Uma princesa, um diabo verde e a química do EU

Herman Van Praag é um neurobiologista que se distinguiu por ter estudado as monoaminas cerebrais. E, contava ele que recebeu várias ameaças de morte porque através dos seus estudos, diziam alguns muito incomodados, reduzia a alma a pura matéria, deixando-a ao sabor e ao critério do diabo.
Hoje, quase trinta anos depois, sabemos que é importante, por vezes, tomar um pouco de "Prozac", por exemplo, porque este aumenta as monoaminas cerebrais e permite-nos trabalhar melhor e experimentar o prazer das relações quotidianas.
Isto também significa que o valor de um produto químico depende muito do discurso cultural e, naturalmente, da força do mercado dos medicamentos que alimenta a fome voraz de uma malfadada química do EU que se arroga o direito de substituir a imaginação, a criatividade e a força da atracção do (e pelo) Outro. Podemos pensar a química do Eu como uma invenção recente importante (cuja eficácia está demonstrada); mas será que podemos resolver através da química os problemas que antes eram resolvidos pelas relações humanas, pela cultura, pela imaginação, pelo amor até às lágrimas, pelas manifestações do afecto, pelo riso fácil e pela presença desejada?
Não sei. Mas lendo um excerto da página 11 do livro  "A Princesa", de D. H. Lawrence, fico com a ideia que o papel dos químicos será dar vida a esse diabo verde, num mundo em que a sensibilidade é um bem raro, escasso e ao alcance de poucos:
 -“ (…) Se descascares aquilo que as pessoas dizem, fazem e pensam, como a cozinheira descasca as cebolas, dentro de todas encontras um diabo verde, e esse não podemos descascar. É um diabo sempre igual, que não quer saber do que sucede às cascas que as pessoas têm por fora, nem do seu falatório, nem de assuntos de marido e mulher e crianças, de maçadas e correrias. Se tirares essas cascas às pessoas, encontras um diabo verde que todos os homens e todas as mulheres têm; e esse diabo é o verdadeiro eu do homem e o verdadeiro eu da mulher. Não quer saber de ninguém, pertence aos diabos e às fadas de antigamente, que não queriam saber de ninguém. Mas diabos também há, grandes e pequenos, também há fadas demoníacas e esplêndidas, e fadas vulgares. Fadas reais é que não há. Só tu, minha Princesinha. És a última fada saída à raça real do povo de antigamente; a última, Princesinha.”
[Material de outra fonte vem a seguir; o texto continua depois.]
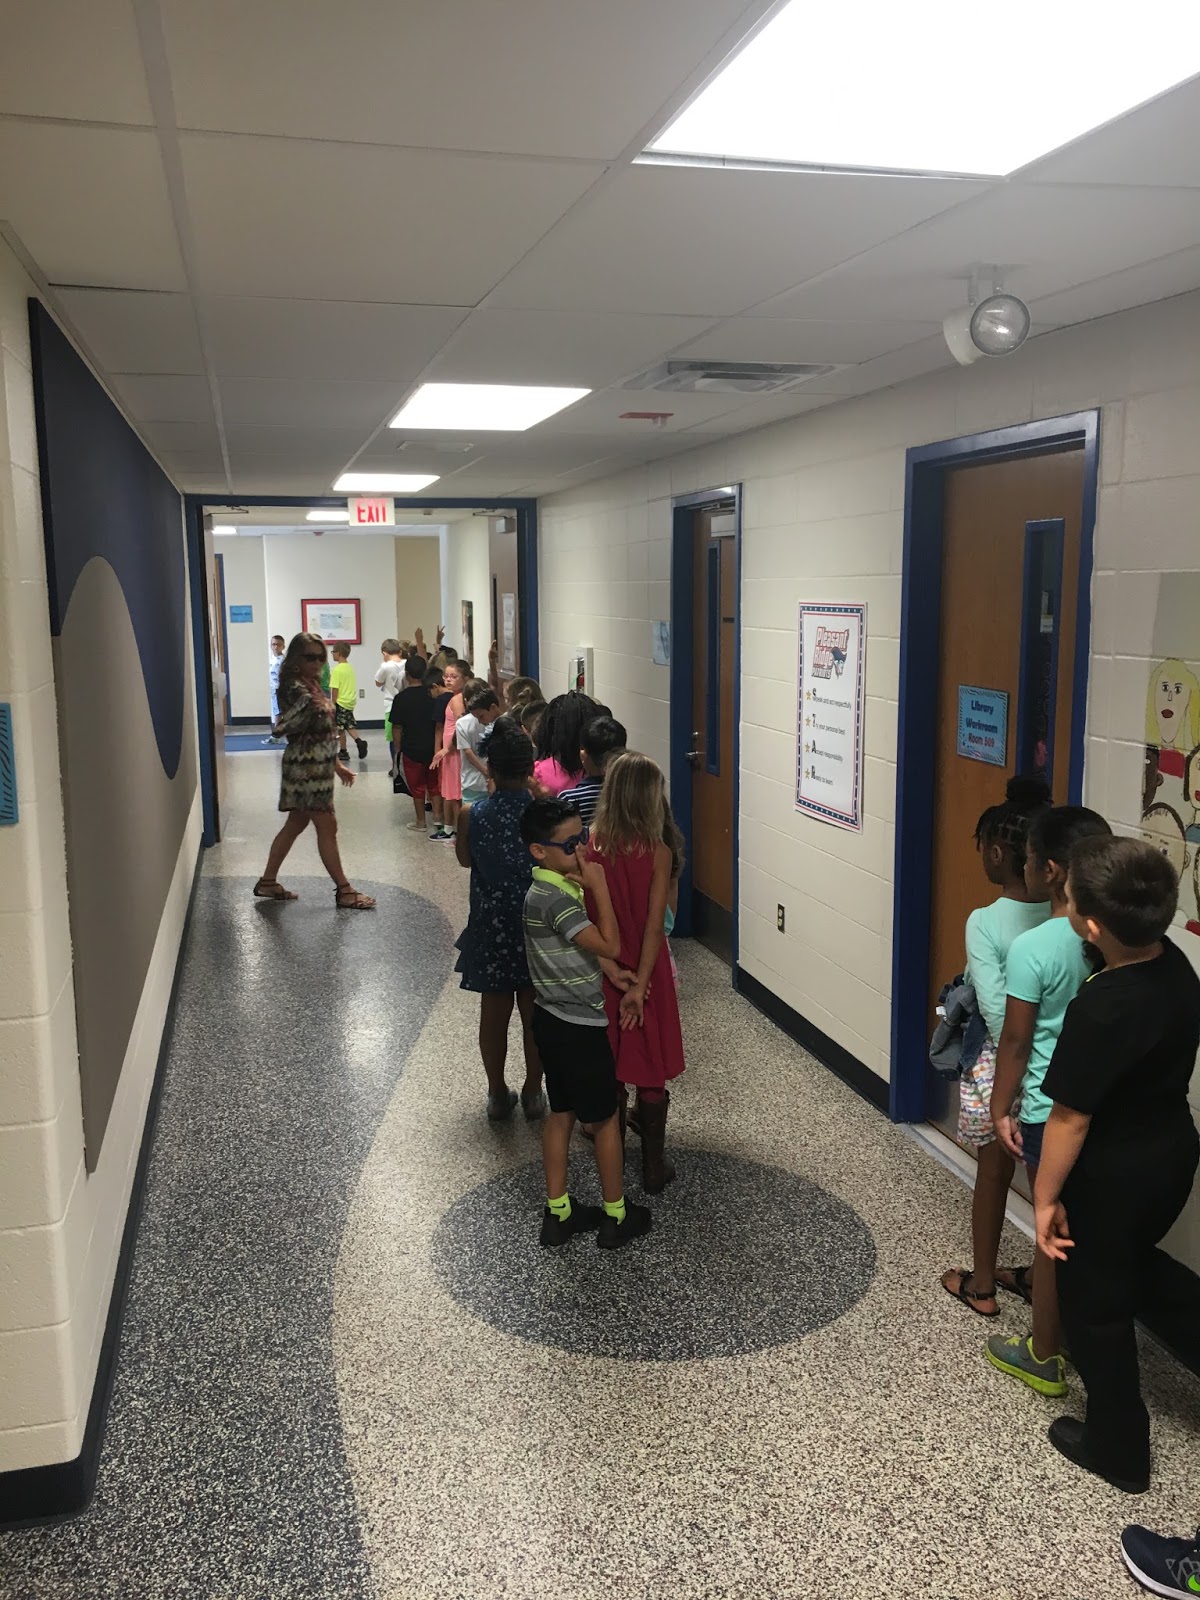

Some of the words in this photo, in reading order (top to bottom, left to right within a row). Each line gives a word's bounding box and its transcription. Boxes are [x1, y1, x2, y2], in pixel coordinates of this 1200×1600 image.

[356, 498, 386, 523] EXIT
[816, 626, 849, 651] Pleasant
[813, 646, 833, 669] Ridge
[971, 700, 994, 715] Library
[965, 718, 998, 734] Workroom
[968, 733, 983, 746] Room
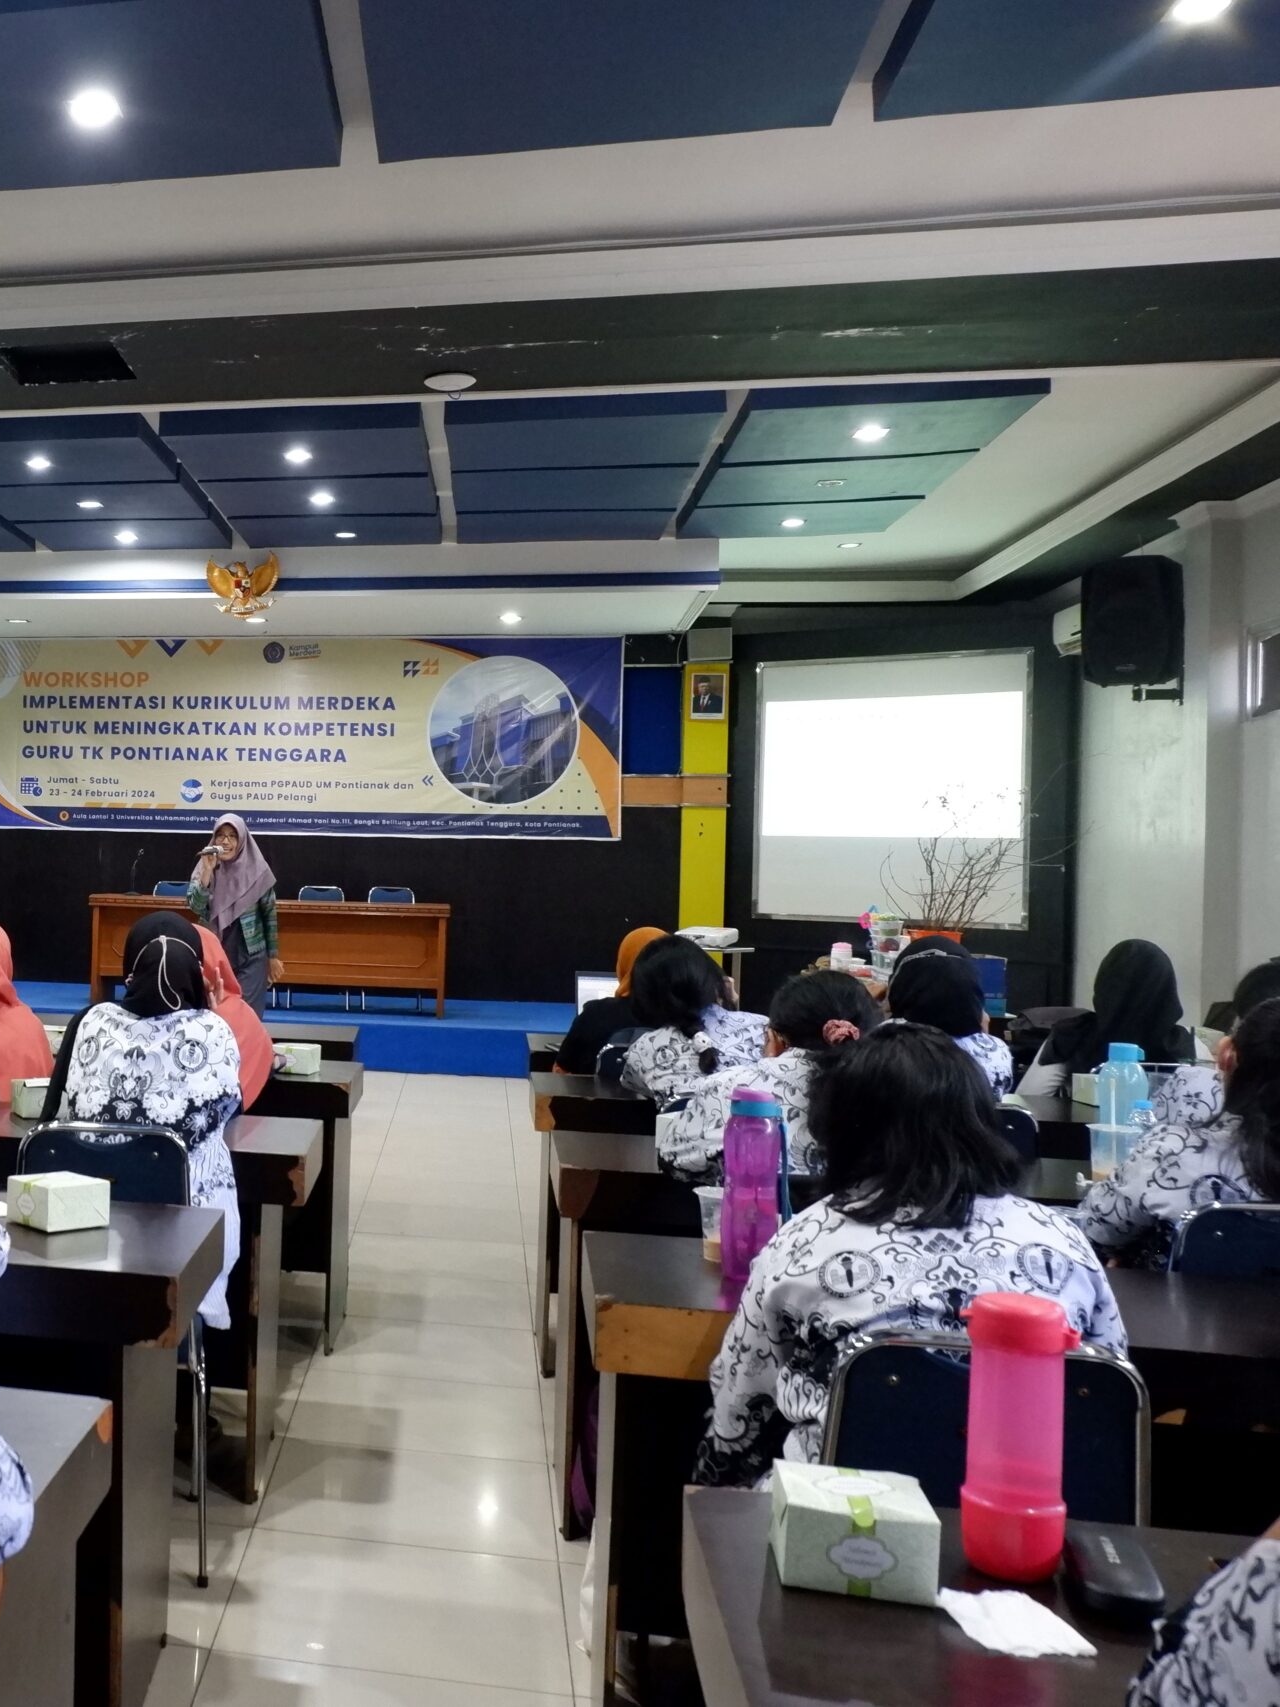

Hoje fico-me por aqui, embrulhado no sorriso mágico da única fada real deste pequenino texto de Lawrence. Retiro-me, com o dedo indicador encostado aos lábios, cuidando eu que o diabo verde já dorme a sono solto: de há uns tempos a esta parte, vem tomando uns químicos que um neurologista americano lhe receitou por causa de uma irritação verde rubra na pele. Irritação causada, dizem, por ter ouvido na rua uns piropos dirigidos à sua Princesa. 
Na minha opinião, o neurologista enganou-se na medicação química; um beijo da Princesa resolvia o problema e não era necessário  pôr o diabo a dormir e a sonhar que é sapo e que há-de ser príncipe. Será que o neurologista se esqueceu que o ciúme também é um filho do diabo?
O diabo, a neurologia e o pó de pirlimpimpim...Eis um outro excelente tema para estudar e desvendar até onde chega o poder mágico de uma fada real.
Bioestatísticamente!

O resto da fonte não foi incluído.